**Exercise goal**.
What's wanted here is the full listing below, repeated exactly, with no images in it.

**Exercise input**.
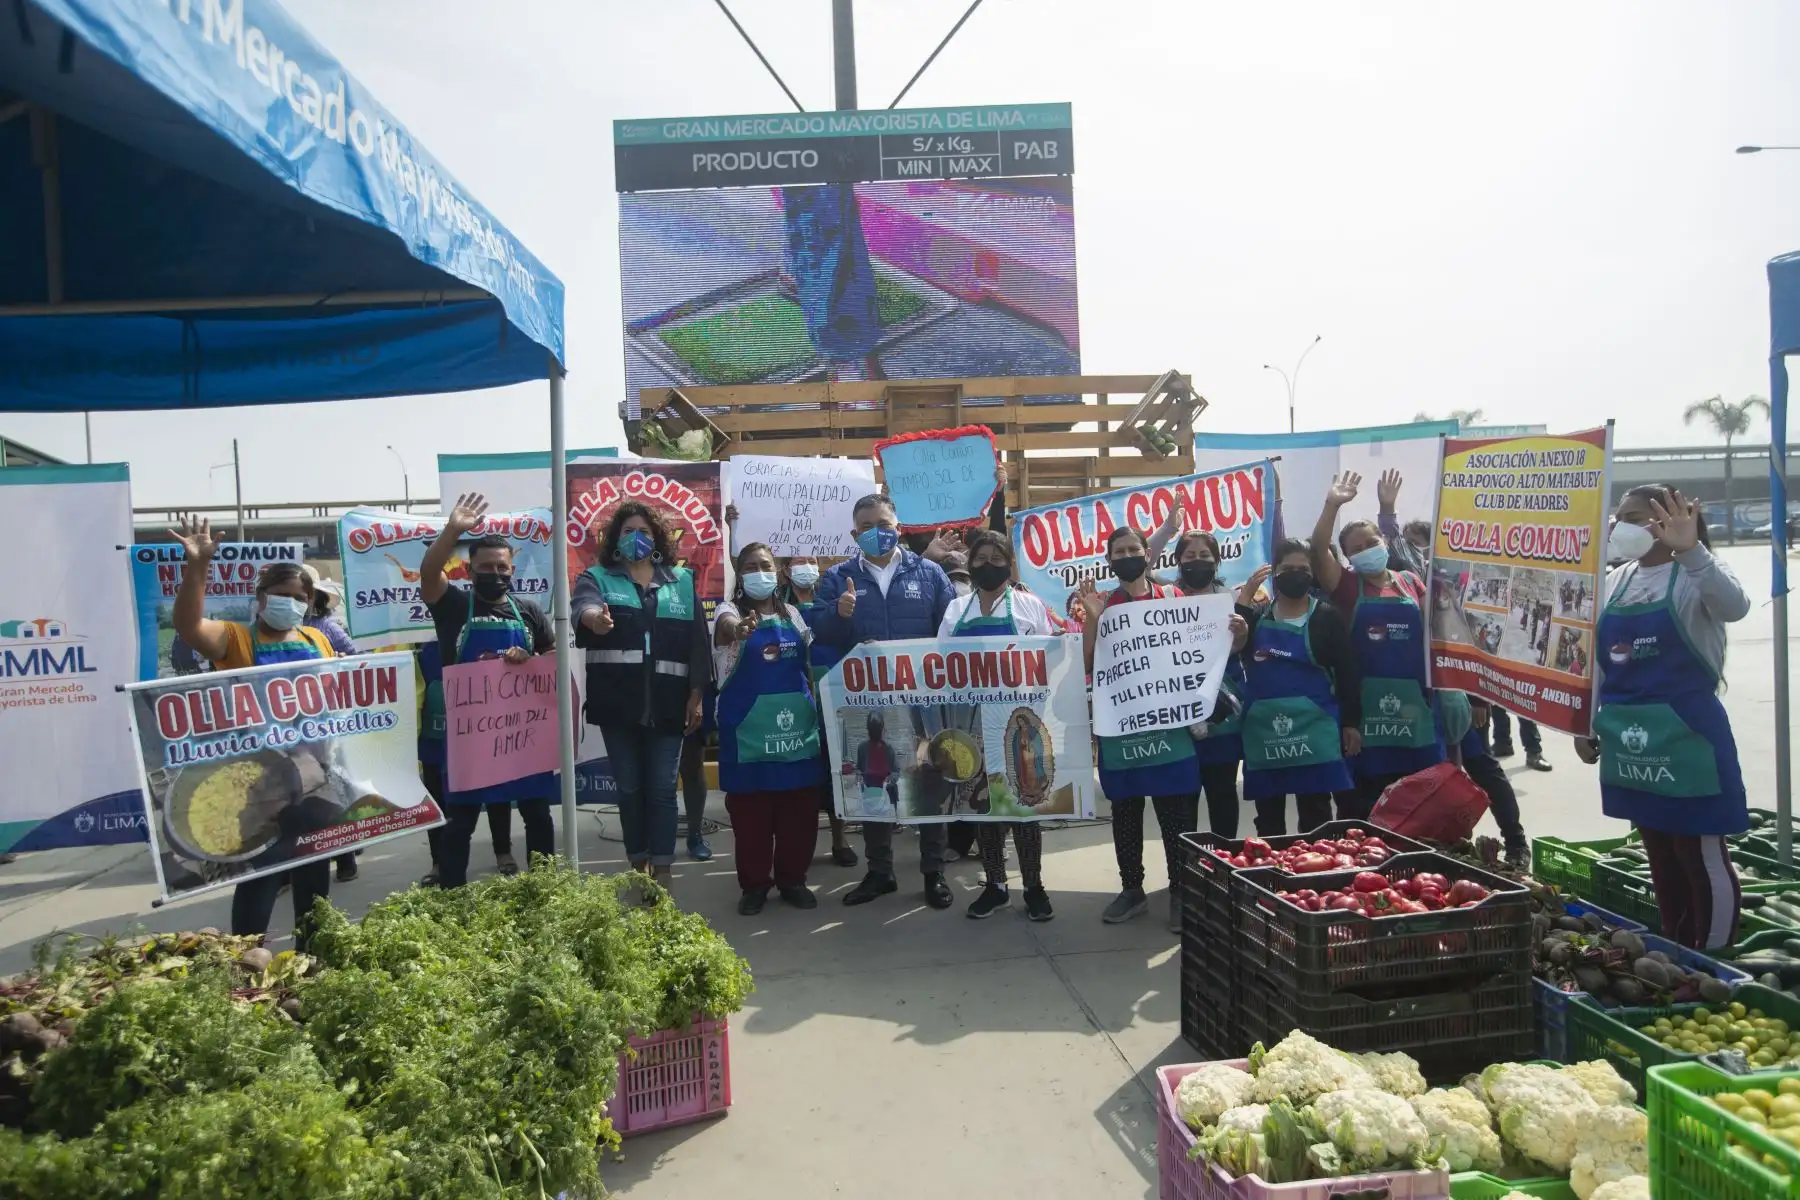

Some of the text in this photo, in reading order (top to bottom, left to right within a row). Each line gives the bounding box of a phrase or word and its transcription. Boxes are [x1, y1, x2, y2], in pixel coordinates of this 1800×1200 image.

[663, 122, 719, 138] GRAN
[724, 116, 825, 136] MERCADO
[829, 114, 943, 132] MAYORISTA
[947, 111, 973, 128] DE
[977, 109, 1026, 128] LIMA
[948, 136, 975, 154] Kg.
[1014, 140, 1058, 160] PAB
[692, 149, 819, 172] PRODUCTO
[897, 157, 993, 175] MIN MAX
[1465, 449, 1586, 469] ASOCIACIÓN ANEXO 18
[743, 460, 844, 480] GRACIAS A LA
[1443, 471, 1601, 489] CARAPONGO ALTO MATABUEY
[741, 480, 851, 503] MUNICIPALIDAD
[1474, 493, 1569, 511] CLUB DE MADRES
[567, 471, 721, 546] OLLA COMUN
[792, 503, 812, 517] DE
[1022, 466, 1265, 568] OLLA COMUN
[349, 514, 553, 552] OLLA OMÚN
[780, 517, 812, 532] LIMA
[768, 531, 790, 545] OLLA
[136, 548, 187, 563] OLL
[811, 545, 837, 556] MAYO
[355, 586, 422, 608] SANTA
[1100, 605, 1200, 638] OLLA COMUN
[1112, 630, 1182, 658] PRIMERA
[0, 645, 97, 678] MML
[842, 643, 1049, 693] OLLA COMÚN
[1096, 649, 1205, 688] PARCELA LOS
[28, 682, 84, 695] Mercado
[498, 671, 558, 700] COMUN
[1110, 672, 1207, 707] TULIPANES
[1516, 681, 1537, 697] ALTO
[1541, 687, 1571, 707] ANEXO
[49, 694, 64, 705] de
[67, 692, 97, 704] Lima
[156, 661, 399, 740] OLLA COMÚN
[949, 691, 965, 703] de
[456, 718, 473, 736] LA
[1117, 701, 1204, 733] PRESENTE
[266, 724, 297, 746] de
[301, 711, 398, 739] Estrellas
[1364, 723, 1413, 737] LIMA
[493, 727, 537, 758] AMOR
[765, 737, 804, 754] LIMA
[1122, 740, 1172, 760] LIMA
[1264, 743, 1313, 760] LIMA
[1617, 760, 1676, 782] LIMA
[594, 779, 617, 791] LIM
[103, 814, 148, 830] LIMA
[296, 804, 430, 847] Asociación Marino Segovia
[314, 830, 371, 851] Carapongo
[379, 818, 418, 833] chosica
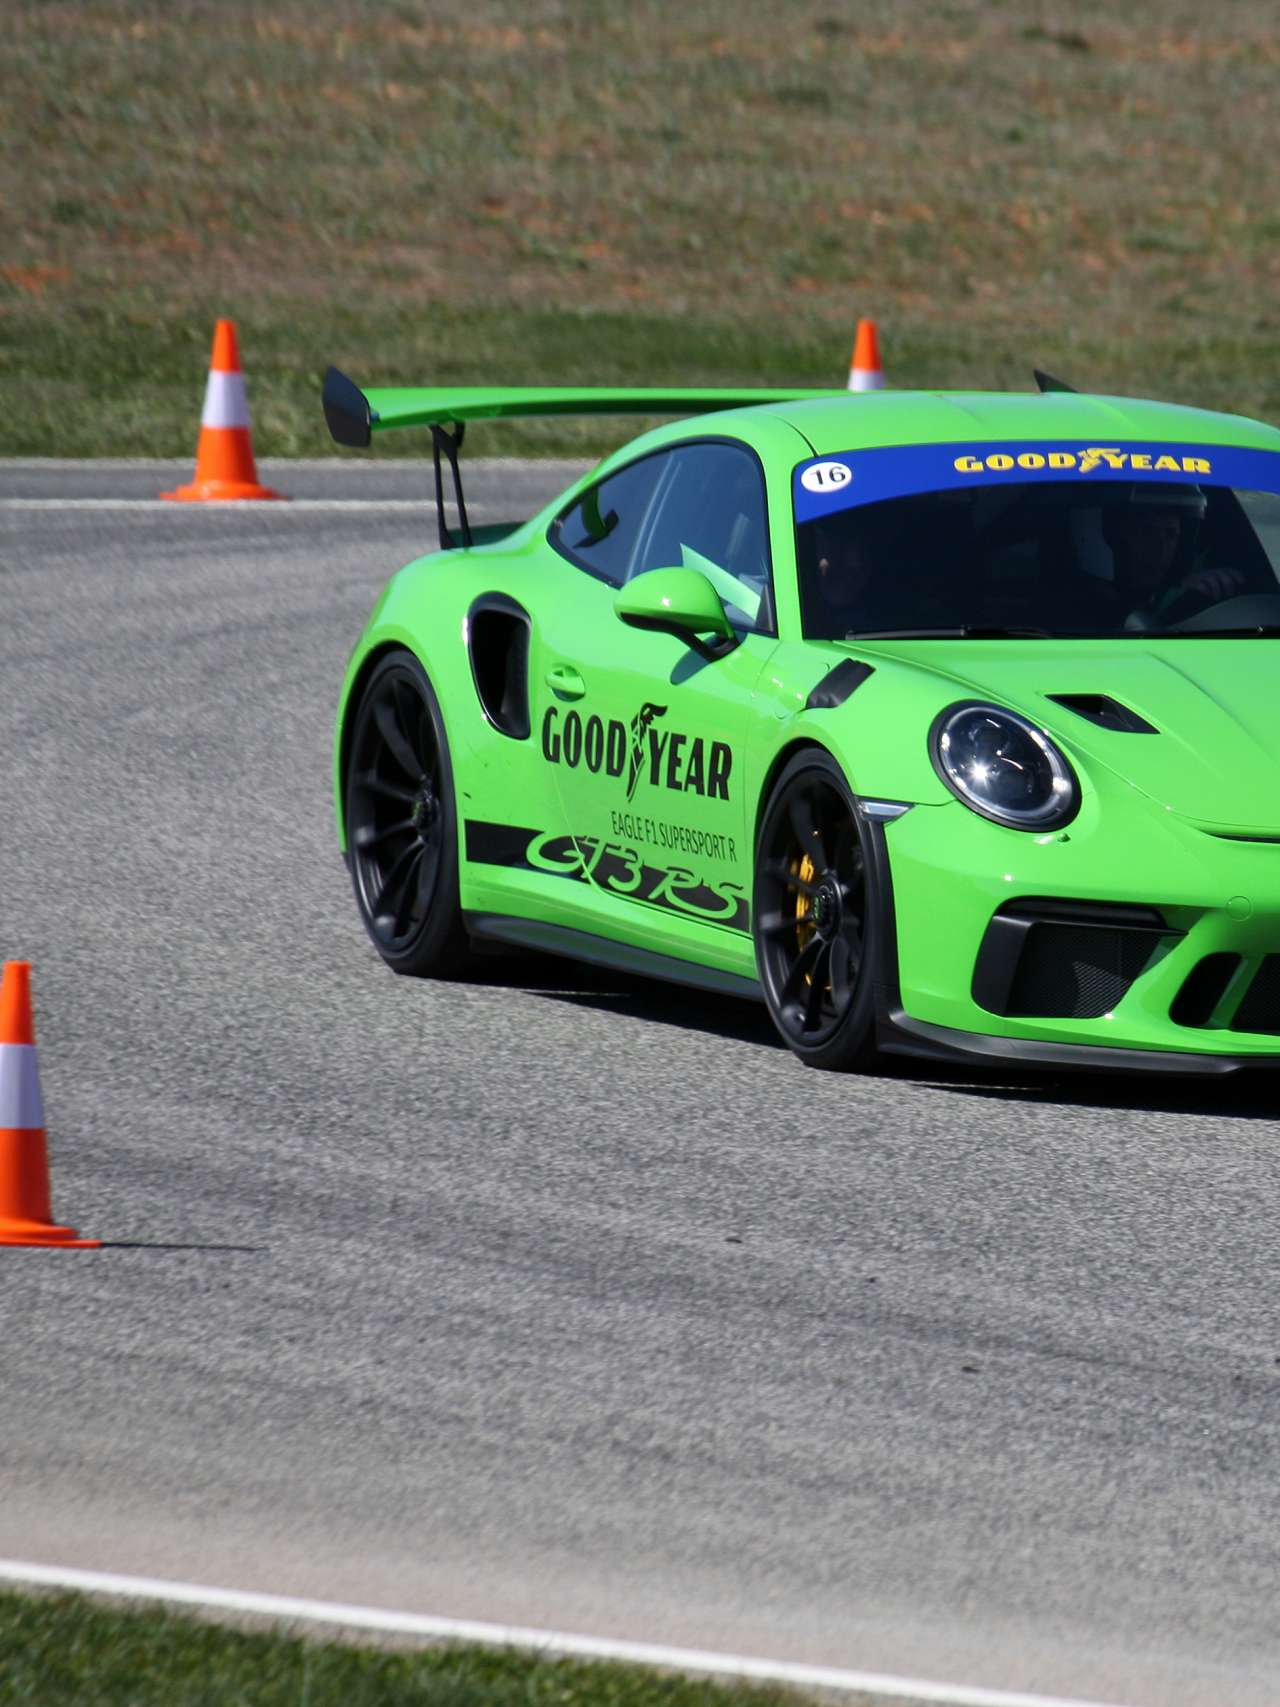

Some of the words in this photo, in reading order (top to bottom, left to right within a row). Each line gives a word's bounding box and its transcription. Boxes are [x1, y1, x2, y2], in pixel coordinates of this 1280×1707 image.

[810, 465, 847, 486] 16
[611, 810, 644, 842] EAGLE
[645, 819, 658, 845] F1
[659, 822, 726, 861] SUPERSPORT
[728, 837, 737, 863] R

**Solution**.
Some of the text in this photo, in reading order (top to bottom, left to right within a row). Each line gives the bounding box of a phrase or word and its transcription. Boxes are [x1, y1, x2, y2], in pixel coordinates of this 1800×1200 image.

[663, 122, 719, 138] GRAN
[724, 116, 825, 136] MERCADO
[829, 114, 943, 132] MAYORISTA
[947, 111, 973, 128] DE
[977, 109, 1026, 128] LIMA
[948, 136, 975, 154] Kg.
[1014, 140, 1058, 160] PAB
[692, 149, 819, 172] PRODUCTO
[897, 157, 993, 175] MIN MAX
[1465, 449, 1586, 469] ASOCIACIÓN ANEXO 18
[743, 460, 844, 480] GRACIAS A LA
[1443, 471, 1601, 489] CARAPONGO ALTO MATABUEY
[741, 480, 851, 503] MUNICIPALIDAD
[1474, 493, 1569, 511] CLUB DE MADRES
[567, 471, 721, 546] OLLA COMUN
[792, 503, 812, 517] DE
[1022, 466, 1265, 568] OLLA COMUN
[349, 514, 553, 552] OLLA OMÚN
[780, 517, 812, 532] LIMA
[768, 531, 790, 545] OLLA
[136, 548, 187, 563] OLL
[811, 545, 837, 556] MAYO
[355, 586, 422, 608] SANTA
[1100, 605, 1200, 638] OLLA COMUN
[1112, 630, 1182, 658] PRIMERA
[0, 645, 97, 678] MML
[842, 643, 1049, 693] OLLA COMÚN
[1096, 649, 1205, 688] PARCELA LOS
[28, 682, 84, 695] Mercado
[498, 671, 558, 700] COMUN
[1110, 672, 1207, 707] TULIPANES
[1516, 681, 1537, 697] ALTO
[1541, 687, 1571, 707] ANEXO
[49, 694, 64, 705] de
[67, 692, 97, 704] Lima
[156, 661, 399, 740] OLLA COMÚN
[949, 691, 965, 703] de
[456, 718, 473, 736] LA
[1117, 701, 1204, 733] PRESENTE
[266, 724, 297, 746] de
[301, 711, 398, 739] Estrellas
[1364, 723, 1413, 737] LIMA
[493, 727, 537, 758] AMOR
[765, 737, 804, 754] LIMA
[1122, 740, 1172, 760] LIMA
[1264, 743, 1313, 760] LIMA
[1617, 760, 1676, 782] LIMA
[594, 779, 617, 791] LIM
[103, 814, 148, 830] LIMA
[296, 804, 430, 847] Asociación Marino Segovia
[314, 830, 371, 851] Carapongo
[379, 818, 418, 833] chosica

Some of the words in this photo, in reading order (top to bottom, left to right within a row). Each line gives a word's bounding box and its transcription. Boxes are [x1, y1, x2, y2], in pixel coordinates of this 1280×1707 image.

[810, 465, 847, 486] 16
[611, 810, 644, 842] EAGLE
[645, 819, 658, 845] F1
[659, 822, 726, 861] SUPERSPORT
[728, 837, 737, 863] R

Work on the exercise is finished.